Could you write out, word for word, only the lines from the one containing "this 1334×1126 image." through the last line of the data below?

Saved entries
------
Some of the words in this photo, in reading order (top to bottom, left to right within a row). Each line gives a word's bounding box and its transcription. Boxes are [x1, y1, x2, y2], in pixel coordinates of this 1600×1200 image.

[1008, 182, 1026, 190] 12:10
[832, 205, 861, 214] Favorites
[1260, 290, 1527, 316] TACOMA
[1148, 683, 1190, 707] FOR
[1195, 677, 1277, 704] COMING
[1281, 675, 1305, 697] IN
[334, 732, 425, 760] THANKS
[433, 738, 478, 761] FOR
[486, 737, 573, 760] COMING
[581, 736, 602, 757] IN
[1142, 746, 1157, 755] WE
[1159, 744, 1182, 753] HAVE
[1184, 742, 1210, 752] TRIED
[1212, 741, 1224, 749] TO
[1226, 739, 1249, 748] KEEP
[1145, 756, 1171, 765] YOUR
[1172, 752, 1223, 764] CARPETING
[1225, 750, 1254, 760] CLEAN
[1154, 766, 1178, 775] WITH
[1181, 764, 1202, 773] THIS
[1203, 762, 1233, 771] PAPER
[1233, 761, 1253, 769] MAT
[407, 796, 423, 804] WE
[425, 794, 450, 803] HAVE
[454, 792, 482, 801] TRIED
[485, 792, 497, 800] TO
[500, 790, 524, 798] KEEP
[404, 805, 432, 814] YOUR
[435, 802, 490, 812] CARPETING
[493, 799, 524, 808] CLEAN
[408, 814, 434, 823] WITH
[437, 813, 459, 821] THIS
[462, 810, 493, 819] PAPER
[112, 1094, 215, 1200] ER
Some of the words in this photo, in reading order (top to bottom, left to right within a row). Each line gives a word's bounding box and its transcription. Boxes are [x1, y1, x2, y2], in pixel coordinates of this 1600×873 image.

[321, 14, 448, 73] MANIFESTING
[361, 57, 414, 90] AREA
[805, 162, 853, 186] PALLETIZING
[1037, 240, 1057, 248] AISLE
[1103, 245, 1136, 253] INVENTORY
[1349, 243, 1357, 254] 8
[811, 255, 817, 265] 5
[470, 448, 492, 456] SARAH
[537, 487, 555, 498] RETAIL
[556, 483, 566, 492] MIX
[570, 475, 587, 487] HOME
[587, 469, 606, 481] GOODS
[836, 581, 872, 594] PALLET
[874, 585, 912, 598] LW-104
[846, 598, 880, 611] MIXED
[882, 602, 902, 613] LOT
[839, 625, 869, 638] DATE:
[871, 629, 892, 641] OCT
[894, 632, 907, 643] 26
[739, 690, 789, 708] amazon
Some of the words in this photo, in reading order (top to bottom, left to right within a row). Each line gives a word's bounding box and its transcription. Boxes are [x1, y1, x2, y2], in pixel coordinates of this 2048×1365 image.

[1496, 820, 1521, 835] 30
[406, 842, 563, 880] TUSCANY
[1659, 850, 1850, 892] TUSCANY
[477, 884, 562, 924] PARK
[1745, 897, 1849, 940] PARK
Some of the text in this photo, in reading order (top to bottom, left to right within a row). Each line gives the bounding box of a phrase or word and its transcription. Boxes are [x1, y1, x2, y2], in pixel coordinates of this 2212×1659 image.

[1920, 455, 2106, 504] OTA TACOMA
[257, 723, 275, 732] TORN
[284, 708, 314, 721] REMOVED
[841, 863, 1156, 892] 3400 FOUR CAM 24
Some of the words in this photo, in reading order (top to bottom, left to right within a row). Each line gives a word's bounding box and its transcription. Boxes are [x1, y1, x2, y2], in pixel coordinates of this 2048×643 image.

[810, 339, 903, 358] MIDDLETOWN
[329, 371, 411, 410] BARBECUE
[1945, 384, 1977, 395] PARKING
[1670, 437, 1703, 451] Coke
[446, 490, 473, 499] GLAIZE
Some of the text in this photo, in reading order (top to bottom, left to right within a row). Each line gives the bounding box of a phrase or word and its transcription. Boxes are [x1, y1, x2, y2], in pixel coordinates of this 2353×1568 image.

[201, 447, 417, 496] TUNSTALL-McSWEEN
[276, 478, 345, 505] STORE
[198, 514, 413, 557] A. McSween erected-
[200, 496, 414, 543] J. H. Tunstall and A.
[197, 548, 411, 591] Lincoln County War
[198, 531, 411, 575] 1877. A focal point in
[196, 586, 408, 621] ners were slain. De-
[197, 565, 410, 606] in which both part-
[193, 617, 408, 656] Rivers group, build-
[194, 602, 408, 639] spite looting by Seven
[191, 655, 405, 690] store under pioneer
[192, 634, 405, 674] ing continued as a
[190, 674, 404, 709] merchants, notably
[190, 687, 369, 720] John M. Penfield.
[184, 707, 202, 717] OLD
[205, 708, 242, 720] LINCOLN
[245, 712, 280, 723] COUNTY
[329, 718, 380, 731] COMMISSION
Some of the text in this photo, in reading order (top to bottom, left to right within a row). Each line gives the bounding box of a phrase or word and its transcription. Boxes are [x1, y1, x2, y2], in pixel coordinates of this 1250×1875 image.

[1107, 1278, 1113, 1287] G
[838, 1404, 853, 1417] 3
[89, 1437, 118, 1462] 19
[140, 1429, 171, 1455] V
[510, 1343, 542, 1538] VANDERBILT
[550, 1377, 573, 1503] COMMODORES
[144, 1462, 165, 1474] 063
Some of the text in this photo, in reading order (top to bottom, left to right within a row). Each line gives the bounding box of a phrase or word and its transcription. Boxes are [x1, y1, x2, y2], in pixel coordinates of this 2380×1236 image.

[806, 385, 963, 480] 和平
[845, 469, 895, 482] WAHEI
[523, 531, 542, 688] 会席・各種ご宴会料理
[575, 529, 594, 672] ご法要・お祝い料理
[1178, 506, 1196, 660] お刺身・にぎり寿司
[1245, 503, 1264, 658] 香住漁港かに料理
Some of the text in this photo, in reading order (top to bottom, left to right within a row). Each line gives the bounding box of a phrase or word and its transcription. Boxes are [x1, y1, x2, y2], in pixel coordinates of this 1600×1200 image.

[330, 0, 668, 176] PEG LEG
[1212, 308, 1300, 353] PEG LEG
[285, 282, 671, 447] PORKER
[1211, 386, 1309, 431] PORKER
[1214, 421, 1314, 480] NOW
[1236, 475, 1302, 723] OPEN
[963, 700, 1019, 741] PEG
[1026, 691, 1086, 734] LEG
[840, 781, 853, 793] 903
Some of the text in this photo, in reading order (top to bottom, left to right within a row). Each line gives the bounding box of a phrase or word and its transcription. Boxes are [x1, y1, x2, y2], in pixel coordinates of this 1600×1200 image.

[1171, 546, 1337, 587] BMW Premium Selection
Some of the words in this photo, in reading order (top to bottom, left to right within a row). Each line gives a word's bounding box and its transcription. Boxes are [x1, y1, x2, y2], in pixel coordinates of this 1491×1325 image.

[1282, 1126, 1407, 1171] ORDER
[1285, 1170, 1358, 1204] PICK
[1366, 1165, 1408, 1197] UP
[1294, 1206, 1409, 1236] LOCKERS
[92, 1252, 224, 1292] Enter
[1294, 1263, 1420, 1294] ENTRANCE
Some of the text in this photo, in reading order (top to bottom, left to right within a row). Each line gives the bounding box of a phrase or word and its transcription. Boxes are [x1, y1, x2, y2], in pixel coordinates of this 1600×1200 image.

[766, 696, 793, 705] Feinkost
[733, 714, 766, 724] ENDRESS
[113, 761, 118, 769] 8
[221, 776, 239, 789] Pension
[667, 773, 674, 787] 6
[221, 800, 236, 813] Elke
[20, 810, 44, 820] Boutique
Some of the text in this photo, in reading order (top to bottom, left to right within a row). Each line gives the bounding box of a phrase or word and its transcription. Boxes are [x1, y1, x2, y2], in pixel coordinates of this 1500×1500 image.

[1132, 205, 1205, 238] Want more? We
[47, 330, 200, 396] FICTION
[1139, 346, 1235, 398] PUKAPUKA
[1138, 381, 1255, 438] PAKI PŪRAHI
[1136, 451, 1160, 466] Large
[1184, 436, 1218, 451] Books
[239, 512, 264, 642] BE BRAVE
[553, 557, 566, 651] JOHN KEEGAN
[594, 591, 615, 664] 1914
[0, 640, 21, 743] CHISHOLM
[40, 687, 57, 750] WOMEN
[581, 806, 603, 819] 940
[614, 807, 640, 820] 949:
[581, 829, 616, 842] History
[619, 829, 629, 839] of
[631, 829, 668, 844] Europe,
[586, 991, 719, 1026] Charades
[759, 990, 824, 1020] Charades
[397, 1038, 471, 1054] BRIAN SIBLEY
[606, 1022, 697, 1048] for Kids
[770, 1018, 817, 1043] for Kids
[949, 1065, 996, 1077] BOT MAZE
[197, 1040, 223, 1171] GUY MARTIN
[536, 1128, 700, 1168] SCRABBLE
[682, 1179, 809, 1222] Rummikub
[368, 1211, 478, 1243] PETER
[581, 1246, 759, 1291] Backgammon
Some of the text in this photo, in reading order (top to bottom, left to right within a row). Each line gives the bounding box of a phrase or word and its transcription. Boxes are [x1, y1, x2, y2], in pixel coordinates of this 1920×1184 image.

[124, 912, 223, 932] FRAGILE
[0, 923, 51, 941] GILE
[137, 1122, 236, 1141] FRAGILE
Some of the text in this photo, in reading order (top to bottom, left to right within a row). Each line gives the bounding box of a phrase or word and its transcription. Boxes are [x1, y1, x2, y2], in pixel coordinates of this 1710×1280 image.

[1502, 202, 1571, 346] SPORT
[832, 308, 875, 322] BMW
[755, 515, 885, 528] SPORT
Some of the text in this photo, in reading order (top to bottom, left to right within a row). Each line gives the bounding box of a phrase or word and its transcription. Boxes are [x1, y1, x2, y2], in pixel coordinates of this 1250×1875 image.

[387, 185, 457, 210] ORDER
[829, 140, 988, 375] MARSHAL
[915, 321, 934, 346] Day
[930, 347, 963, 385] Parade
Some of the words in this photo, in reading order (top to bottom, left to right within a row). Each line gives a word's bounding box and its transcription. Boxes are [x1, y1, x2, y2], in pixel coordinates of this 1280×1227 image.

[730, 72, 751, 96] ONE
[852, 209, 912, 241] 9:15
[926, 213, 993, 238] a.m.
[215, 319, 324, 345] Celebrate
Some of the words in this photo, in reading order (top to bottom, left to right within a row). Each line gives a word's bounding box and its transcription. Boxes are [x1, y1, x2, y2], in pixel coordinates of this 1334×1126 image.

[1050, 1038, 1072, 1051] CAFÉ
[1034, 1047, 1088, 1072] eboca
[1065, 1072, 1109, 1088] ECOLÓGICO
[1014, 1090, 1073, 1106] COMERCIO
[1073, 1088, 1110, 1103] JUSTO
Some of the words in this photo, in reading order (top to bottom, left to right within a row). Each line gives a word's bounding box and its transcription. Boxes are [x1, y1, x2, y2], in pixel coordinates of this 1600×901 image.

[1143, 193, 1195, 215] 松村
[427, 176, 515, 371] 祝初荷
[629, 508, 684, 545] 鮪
------
◆ **Finished task**
Some of the words in this photo, in reading order (top to bottom, left to right within a row). Each line gives a word's bounding box and its transcription. Boxes are [x1, y1, x2, y2], in pixel coordinates of this 1334×1126 image.

[1050, 1038, 1072, 1051] CAFÉ
[1034, 1047, 1088, 1072] eboca
[1065, 1072, 1109, 1088] ECOLÓGICO
[1014, 1090, 1073, 1106] COMERCIO
[1073, 1088, 1110, 1103] JUSTO
Some of the words in this photo, in reading order (top to bottom, left to right within a row). Each line gives a word's bounding box and its transcription. Boxes are [x1, y1, x2, y2], in pixel coordinates of this 1600×901 image.

[1143, 193, 1195, 215] 松村
[427, 176, 515, 371] 祝初荷
[629, 508, 684, 545] 鮪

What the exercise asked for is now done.